Another step toward keeping more community members safe would be to ramp up testing even more. One way to help significantly is to test more people and fill the voluntary testing program. This past October, the University re-opened access to join the program because capacity had not yet been reached but incorporating new signups into the testing program took until early November. And now that those slots are filled, the autumn testing regimen is about to conclude, and the University will not require testing the members of the voluntary testing cohort in the ninth week of the quarter or during the finals period, even if they remain in Chicago. Expanding the capacity of the voluntary testing program and ensuring that every slot is filled would allow the University to better track the spread of the virus and contain “super-spreader” events before more people can get sick.

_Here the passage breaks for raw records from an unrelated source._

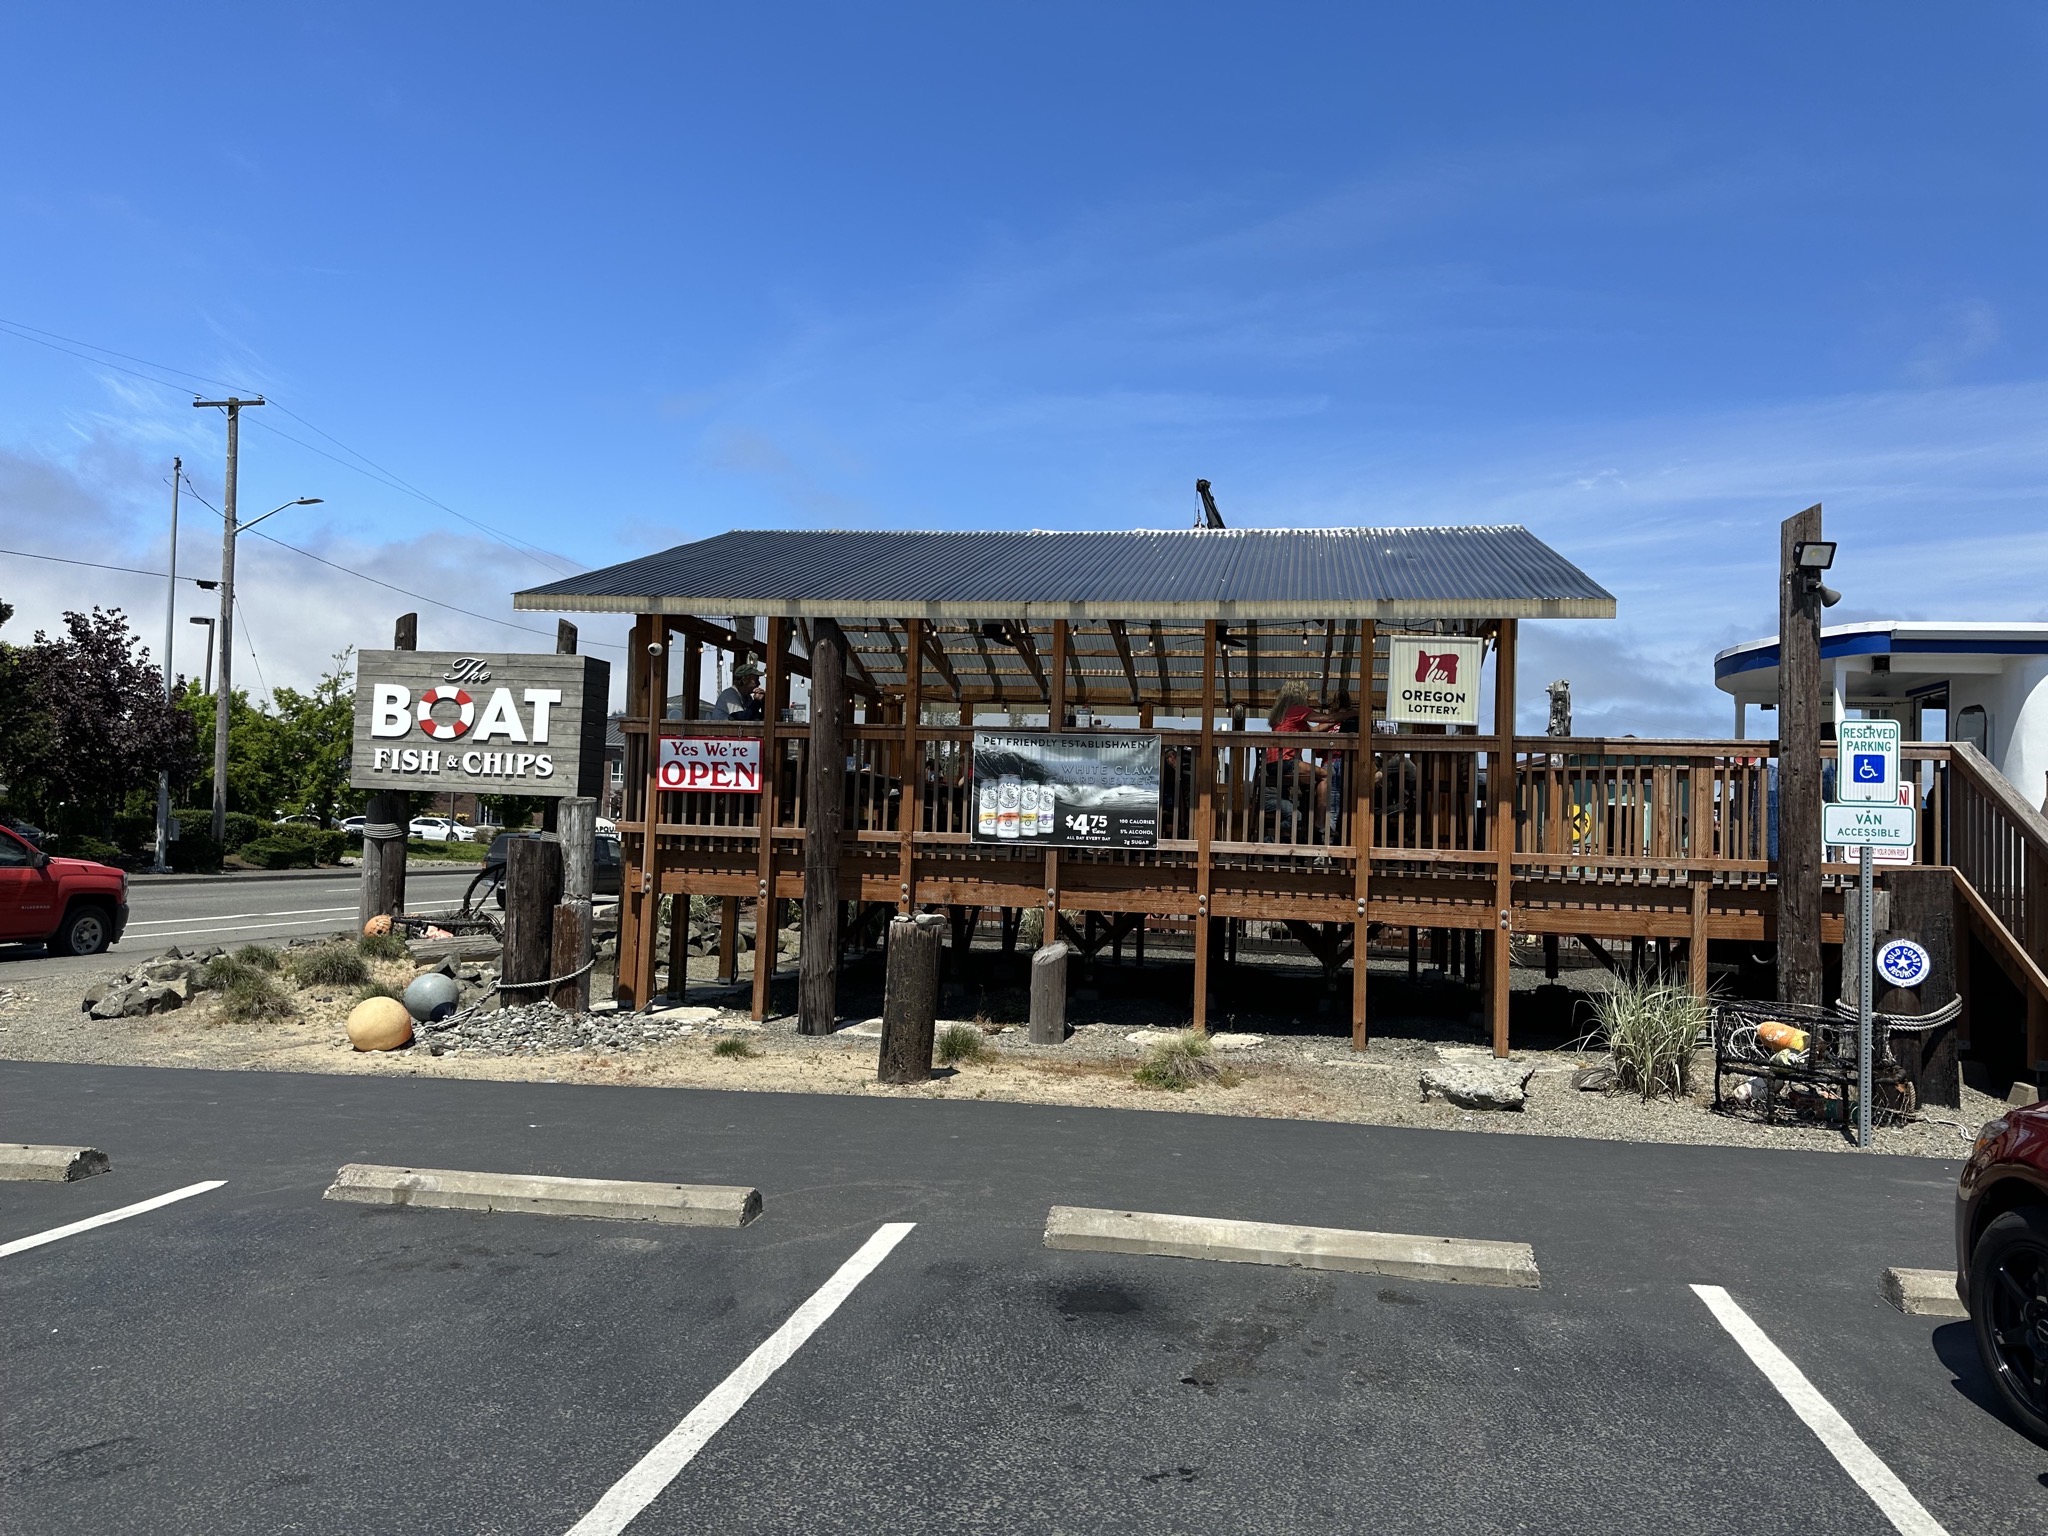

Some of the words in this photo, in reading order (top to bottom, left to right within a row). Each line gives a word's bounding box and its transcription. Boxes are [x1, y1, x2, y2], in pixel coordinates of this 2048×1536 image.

[443, 656, 492, 682] The
[1402, 689, 1466, 704] OREGON
[371, 683, 562, 743] BOAT
[1843, 727, 1896, 739] RESERVED
[670, 742, 699, 757] Yes
[704, 742, 748, 757] We're
[983, 737, 1003, 745] PET
[1006, 738, 1058, 748] FRIENDLY
[1061, 740, 1151, 750] ESTABLISHMENT
[1846, 741, 1892, 752] PARKING
[373, 748, 442, 773] FISH
[446, 754, 459, 768] &
[462, 751, 554, 777] CHIPS
[662, 760, 757, 788] OPEN
[1061, 765, 1108, 775] WHITE
[1114, 765, 1153, 776] CLAW
[1062, 776, 1096, 785] HARD
[1101, 777, 1153, 786] SELTZER
[1855, 814, 1882, 825] VAN
[1837, 827, 1900, 838] ACCESSIBLE
[1886, 948, 1901, 964] GOLD
[1902, 948, 1921, 967] COAST
[1888, 965, 1919, 978] SECURITY

In addition to filling the surveillance testing program to capacity, the University should also offer exit testing for students traveling away from Chicago between now and the beginning of winter quarter. The University is well aware that travel presents increased risks of transmission, as evidenced by the periods of isolation required of students living in housing this quarter and next before they are allowed to participate in activities on campus. Offering exit testing—that is, COVID–19 tests within 72 hours of departure—would give students an extra layer of precaution as they travel away from campus. Of course, a negative COVID test in advance of travel is not a guarantee that individuals will not be exposed to COVID–19 after their test or en route to their destination, but it can help give a basic assurance that the exodus of students from Hyde Park will not end up transmitting the virus to communities around the world. The voluntary exit testing program at Middlebury College, for example, has already found three students with positive COVID diagnoses who are now able to recover before traveling. If the University will not offer exit testing, even on a voluntary basis, this suggests that the administration will take basic safety precautions when there is a liability of transmission on campus, but not do so when there is a risk of students transmitting COVID to their loved ones after having been invited to return to Hyde Park with promise of in-person classes and a semblance of a normal quarter.

On Monday, the University discouraged travel during the holiday season, and on Wednesday the CDC made the same recommendation; but if you must travel, there are a few basic precautions you should take. Before leaving, you should verify that you are not showing COVID–19 symptoms and that you have not been exposed to the virus in the last 14 days. When you travel, you should make sure you have an up-to-date flu shot, wear an appropriate face covering, and wash your hands frequently. When you arrive, be aware of any travel-related quarantine requirements that your destination may have in place. 

All this is to say that it’s on the University and its members to help Chicago flatten its curve. The institution routinely advertises its location as one of its greatest assets and for the individuals who are affiliated with it: this city is home. It’s ultimately up to us to help dictate how seriously we want to take these serious circumstances. The Maroon Editorial Board calls on each and every person reading this editorial to cancel your plans, wear masks (not neck gaiters), keep your testing appointments, and limit your movements. It didn’t have to be this way, but that’s an editorial better suited to eight months ago. For now, we ask that the University step up its information and testing game, and that the members of its community respond accordingly.